Do not compare software prices without comparing the job.

CountThings can be worth a higher price when it saves hours on high-volume photo counts. If a team regularly counts thousands of repeated items and the AI result is accurate after review, the cost may be easy to justify.

SnapCount is priced and designed for broader manual counting work: teams, events, warehouses, stores, churches, and recurring operational counts. The value is that more people can count together without buying specialized counting hardware or paying for industrial AI on every device.

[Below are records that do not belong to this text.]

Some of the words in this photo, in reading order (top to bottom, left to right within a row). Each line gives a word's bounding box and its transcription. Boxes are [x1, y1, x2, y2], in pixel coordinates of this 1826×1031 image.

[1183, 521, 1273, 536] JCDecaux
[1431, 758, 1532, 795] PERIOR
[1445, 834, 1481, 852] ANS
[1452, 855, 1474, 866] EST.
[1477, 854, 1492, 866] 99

Here is the practical cost lens:

Cost driverCountThingsSnapCount
Device countPaid licenses can be per deviceTeam workflow is designed around shared counters
Setup timeHigher when templates or photo rules need tuningLower for simple manual counts
TrainingUsers need to understand image capture and reviewUsers need to understand the count rule
Best ROI caseHigh-volume repeated photo countsRepeated live counts with multiple people
Poor ROI caseSimple headcounts or small manual auditsMassive static object counts better handled from images

If the count is worth automating visually, CountThings deserves a trial. If the count is mostly people tapping verified observations into one shared total, SnapCount is the simpler spend.

Use the right tool for each count type

Some teams should use both tools, but for different jobs.

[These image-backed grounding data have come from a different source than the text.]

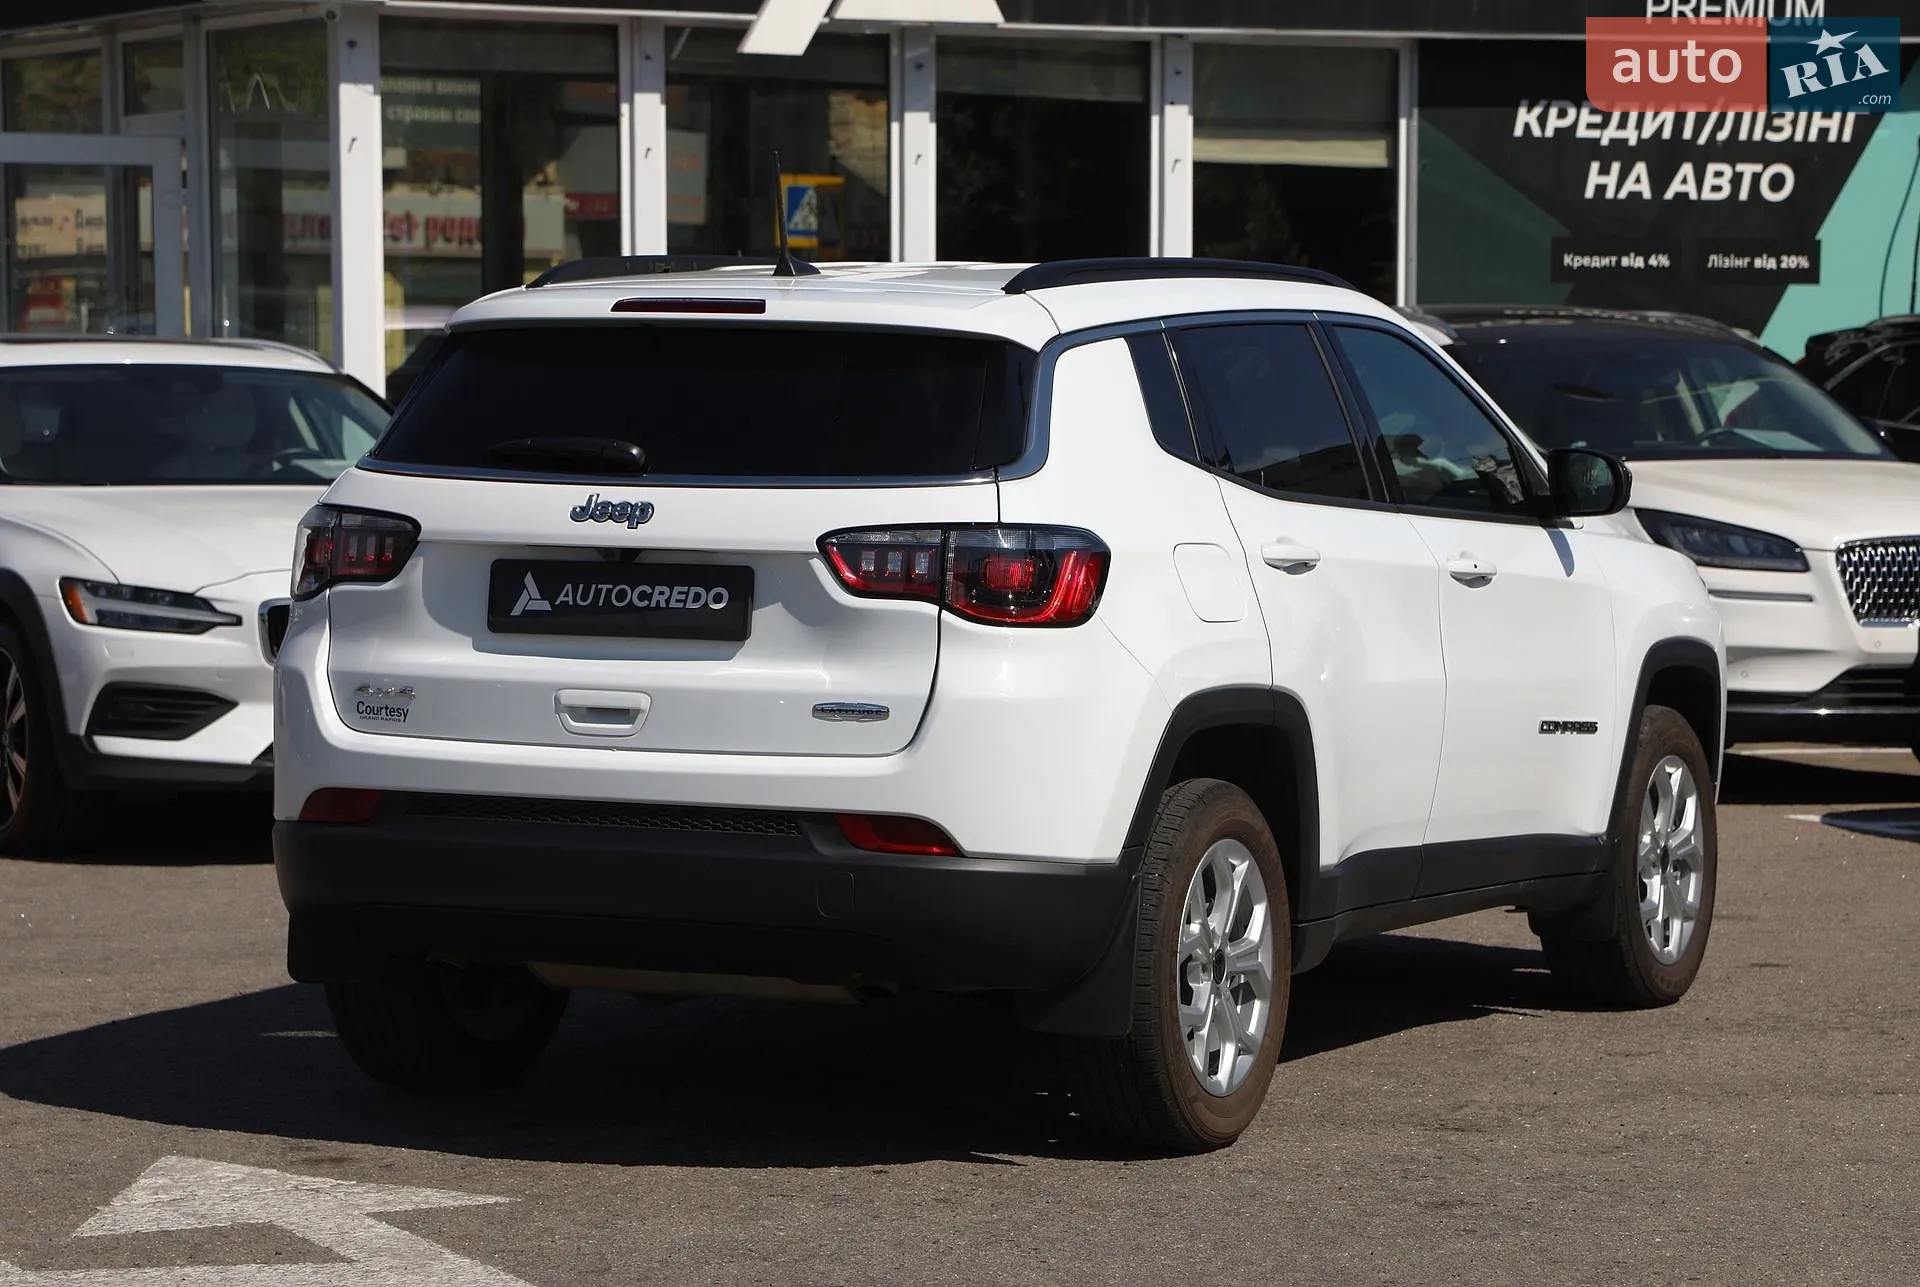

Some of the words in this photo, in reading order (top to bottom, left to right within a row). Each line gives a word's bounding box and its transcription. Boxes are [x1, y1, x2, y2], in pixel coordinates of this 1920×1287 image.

[1645, 0, 1825, 26] PREMIUM
[1584, 160, 1653, 200] НА
[1663, 161, 1796, 203] АВТО
[1563, 252, 1618, 270] Кредит
[1620, 252, 1645, 269] від
[1648, 253, 1670, 268] 4%
[1707, 253, 1751, 269] Лізінг
[1753, 253, 1777, 270] від
[1780, 254, 1809, 269] 20%
[570, 493, 655, 529] Jeep
[555, 583, 729, 610] AUTOCREDO
[356, 700, 409, 722] Courtesy
[1539, 720, 1598, 734] COMPASS
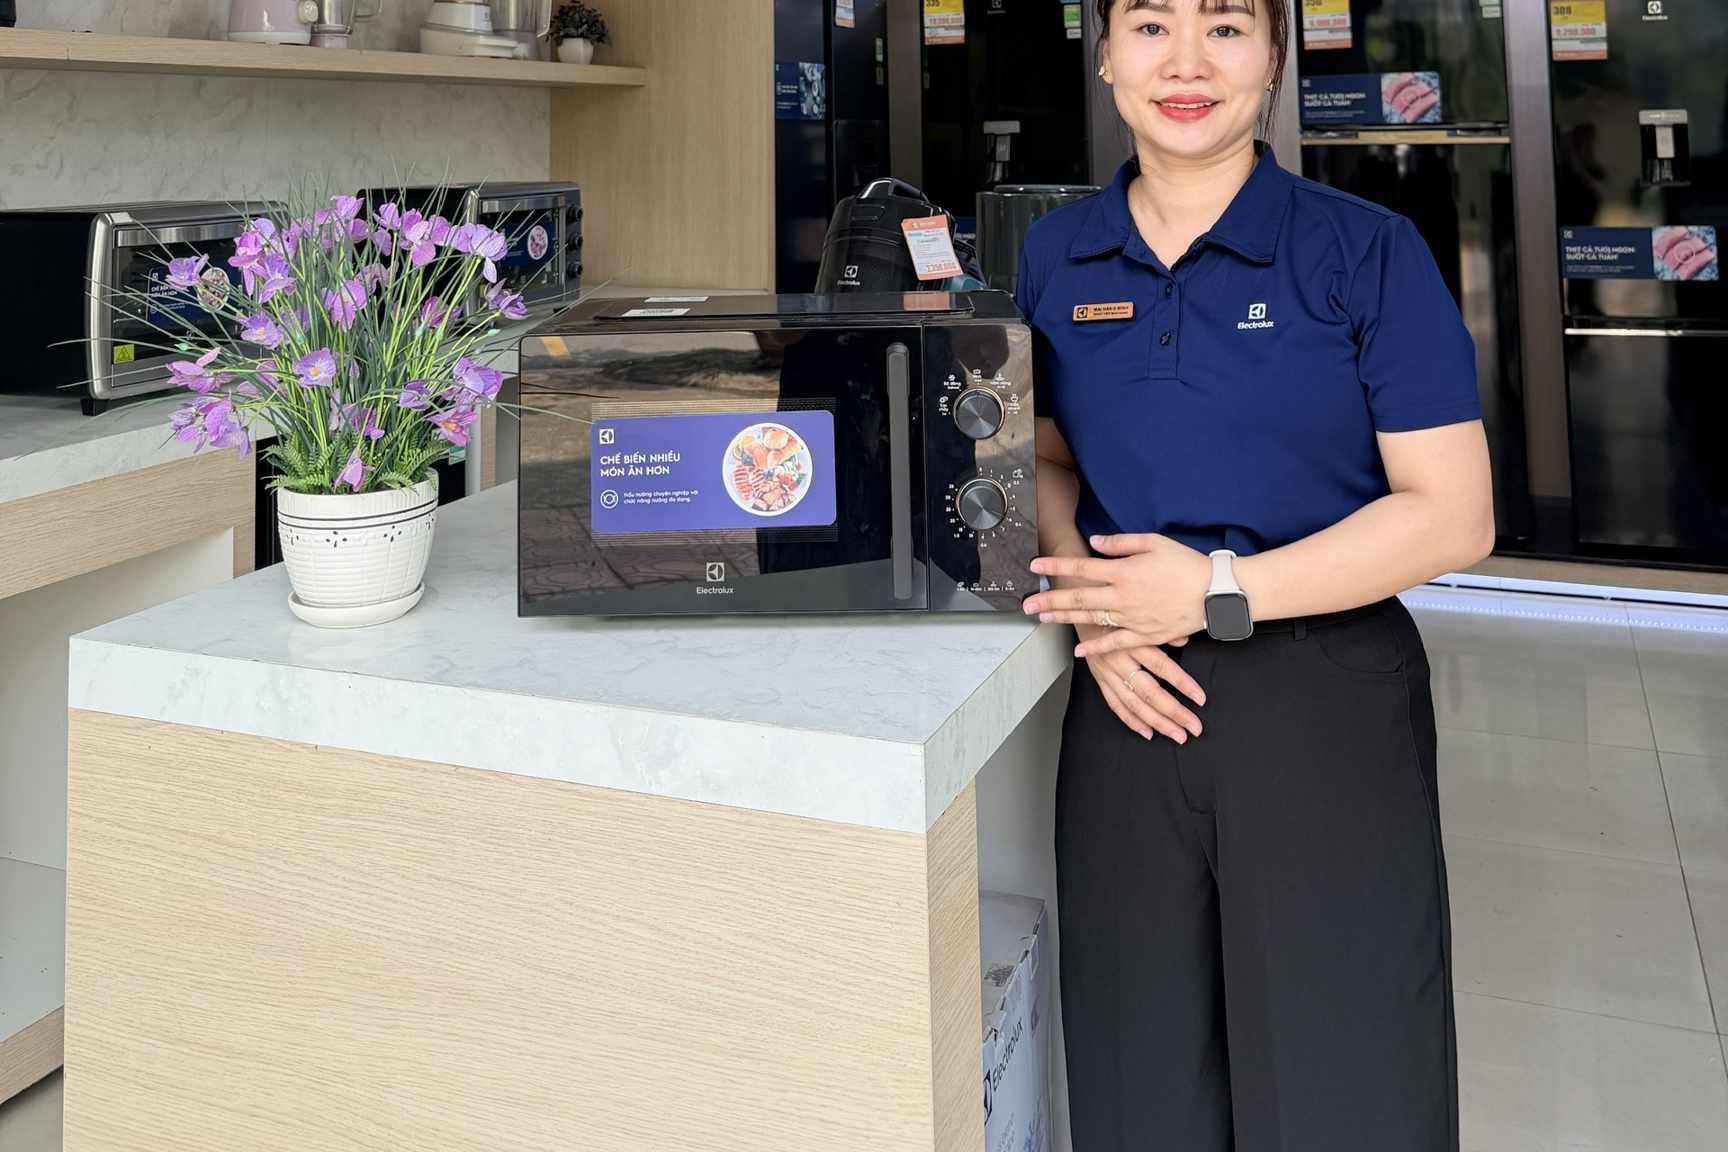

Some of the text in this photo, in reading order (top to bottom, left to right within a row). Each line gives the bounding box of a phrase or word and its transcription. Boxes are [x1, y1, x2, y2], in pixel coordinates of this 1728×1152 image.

[1237, 320, 1274, 330] Electrolux
[600, 450, 681, 465] CHẾ BIẾN NHIỀU
[600, 464, 670, 477] MÓN ĂN HƠN
[696, 586, 734, 594] Electrolux

A facilities team might use CountThings to count stacked materials in a yard, then use SnapCount to count people moving through an event entrance. A warehouse might use AI photo counting for uniform parts and SnapCount for zone audits, cycle counts, and supervisor-reviewed spot checks.

The clean split is:

Count typeRecommended workflow
Static repeated objects in a clear imageTry CountThings
People entering, exiting, or moving through a spaceUse SnapCount
Team inventory spot checksUse SnapCount
High-volume identical parts on a controlled surfaceTry CountThings
Mixed bins, damaged stock, or exception handlingUse SnapCount
One-off volunteer or event countsUse SnapCount
Photo evidence required for every countTry CountThings

For inventory teams, the best manual workflow often starts with the warehouse counting use case. You can structure counters by aisle, area, SKU class, or count owner, then export the result for reconciliation.

A decision checklist

Use this checklist before replacing CountThings or choosing between the 2 products.

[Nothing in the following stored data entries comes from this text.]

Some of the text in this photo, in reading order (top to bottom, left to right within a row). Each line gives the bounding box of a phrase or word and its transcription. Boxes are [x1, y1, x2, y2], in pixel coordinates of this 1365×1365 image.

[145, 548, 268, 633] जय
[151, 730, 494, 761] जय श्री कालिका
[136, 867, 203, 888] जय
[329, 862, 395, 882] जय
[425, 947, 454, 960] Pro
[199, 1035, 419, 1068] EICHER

QuestionIf yes, lean toward
Can the full count be captured in clear photos?CountThings
Does the team count live across multiple locations?SnapCount
Do you need several people updating one shared total?SnapCount
Is every item the same shape and visible from one angle?CountThings
Do counters need almost no training?SnapCount
Do you need photo evidence with marked objects?CountThings
Is the count mostly people, doors, rooms, or zones?SnapCount
Is the count repeated enough to justify template setup?CountThings

The easiest mistake is buying AI because the count feels messy. AI helps when the mess is visual repetition. It does not automatically solve ownership, definitions, handoffs, or live progress.

If the count is messy because people need to coordinate, fix the workflow first.

Frequently asked questions

What is the best CountThings alternative?

SnapCount is a strong CountThings alternative when you need manual live counting instead of AI photo counting.

It is built for teams that count people, inventory areas, event gates, rooms, shifts, and recurring audits. If your count is a static photo of repeated objects, CountThings may still be the better fit.

Is CountThings worth it?

CountThings can be worth it for high-volume repeated object counts from photos.

It is less compelling for simple headcounts, small inventory checks, or team workflows where the count happens live. In those cases, the setup and device cost may be harder to justify than a shared manual counter.

Do I need AI to count inventory?

No, you do not always need AI to count inventory.

AI helps when the items are visible, repeated, and easy to photograph. Manual counting is often better when staff must verify labels, inspect partial cases, handle exceptions, or split work across zones.

Can SnapCount count from photos?

No. SnapCount is not an AI photo counting tool.

SnapCount is a live manual counting tool. Use it when people are observing the count directly and need shared totals, history, exports, and team coordination.

Can I use SnapCount and CountThings together?

Yes. Use each tool for the count type it fits.

CountThings can handle photo-based object counts. SnapCount can handle live manual counts, team stocktakes, entrance counts, attendance, and recurring operational checks.

Bottom line

Choose CountThings when the count is a photo problem.

Choose SnapCount when the count is a team workflow.

If you are replacing CountThings because AI setup is too much for headcounts, stocktake checks, event counts, or manual verification, start with SnapCount. Create a counter, invite the team, and run the count live without training a template.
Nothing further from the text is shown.